Insidious

Insidious (2010)

Insidious first published (in a shorter version) in Little White Lies

If James Wan’s debut feature Saw (2004) was a clever resurrection of the giallo, if his Dead Silence (2006) revived the ‘killer ventriloquist’s dummy’ of The Great Gabbo, Devil Doll, and Magic, if his Death Sentence (2007) looked back to the reactionary vigilantism of the Death Wish films, then his latest work Insidious shows that he has not lost his love for knowing genre pastiche.

The chief reference here is Tobe Hooper’s Poltergeist (1982), as Wan (with his regular screenwriter Leigh Whannell) tells the story of a family turned upside down when one of the children becomes haunted by spirits from the other side, until an older psychic and her two college-age assistants (one played by Whannell) step in to help. Yet this familiar picture is greatly confounded by the sheer number of other filmic allusions permitted to intrude upon the narrative, like so many wayward ghosts craving to manifest themselves once again in the world of the living.
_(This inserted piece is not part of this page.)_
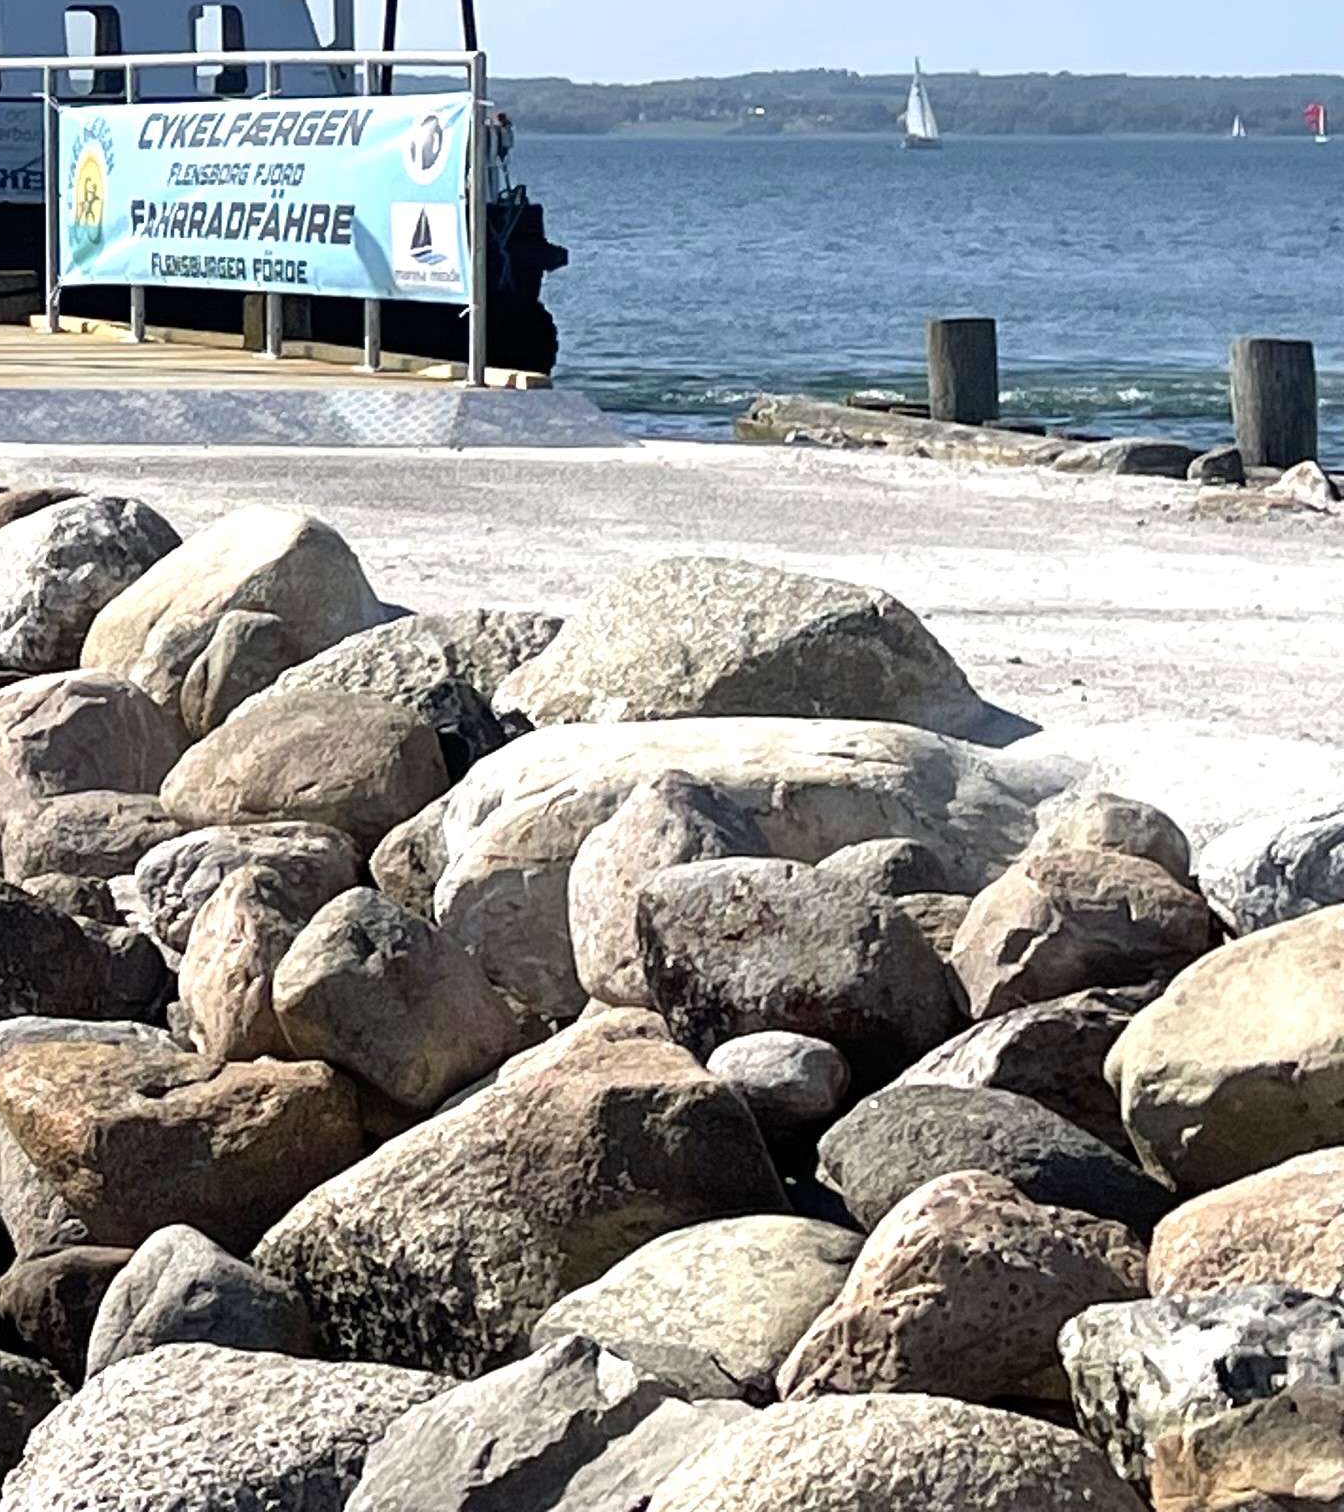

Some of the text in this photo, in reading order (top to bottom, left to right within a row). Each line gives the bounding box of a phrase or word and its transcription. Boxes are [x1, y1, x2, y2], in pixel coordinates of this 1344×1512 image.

There is the haunted attic and desperate recourse to a priest from The Exorcist (1973), the spectral sisters in the corridor from The Shining (1980), the unhinged séance from Drag Me To Hell (2009) and the disembodied demonic footprints from 2007’s Paranormal Activity (whose writer/director Oren Peli produces here). A comatose patient seems only to be half asleep, as in Patrick (1978); the body of a hypnotised man is used as a portal by the dead, as in Two Evil Eyes (1990); and photographs exhibit an eerie clairvoyant power, as in The Grudge (2004) and Shutter (2004). Look closely at the whiteboard behind paterfamilias Josh (Patrick Wilson) as he teaches his high school class, and you will see both James Wan’s name written there, and a nod (in doodle form) to the film that first made his name.

It would be easy to make sense of any one of these references, but when Wan bombards us with so many of them in rapid succession, the constructed reality of his film starts to shift and reel before our eyes, and the irrational takes over. “You’re going to see a lot of confusing things, things you don’t understand,” warns the kindly medium Elise Reiner (Lin Shaye), moments before she dons a weird gasmask-like device to aid her (somehow) in making contact with the spirit world. She is not wrong – but the postmodern instability of Wan’s confusion of images and tropes is essential to their defamiliarising effect.

Mother and son in matching pyjamas.

Similarly, by leaving unanswered a series of suggested questions, Wan and Whannell bedevil their viewers with uncertainty. What is the earlier trauma that caused the mother Renai (Rose Byrne) to have the breakdown which the film slyly adumbrates without ever explaining? Why are both Josh and his son Dalton (Ty Simpkins) so obsessed with age? And what adult mother wears pyjamas with an infantilised monkey-and-banana motif to match perfectly those of her young son? These odd little details may go precisely nowhere, but whereas in any other genre such loose ends would be a sign of sloppy writing, here they just form part of the film’s texture of creepy unease, adding an overdetermined layer of psychological dysfunction to all the more overtly supernatural goings-on in the family home.

Some horror films delve into a society’s political anxieties, others unnerve with uncomfortable home truths, while still others mine the darker, more neglected corridors of the viewer’s unconscious. Really, Insidious does none of these, as it is too busy scaring the bejesus out of its hapless, bewildered viewers. To say it is merely a rip-off of other films is to do no justice to the expert way in which James Wan handles and blends all these familiar materials for maximum thrills – and maximum disorientation. It might not win (m)any awards, nor gain much recognition, but when this unpretentious genre piece says boo, you’ll jump alright – and it is canny enough in its management of the uncanny to have you laughing too.

Enjoyment: Matches its scariness to an unhinged silliness.

In Retrospect: The spirit of Sam Raimi returns.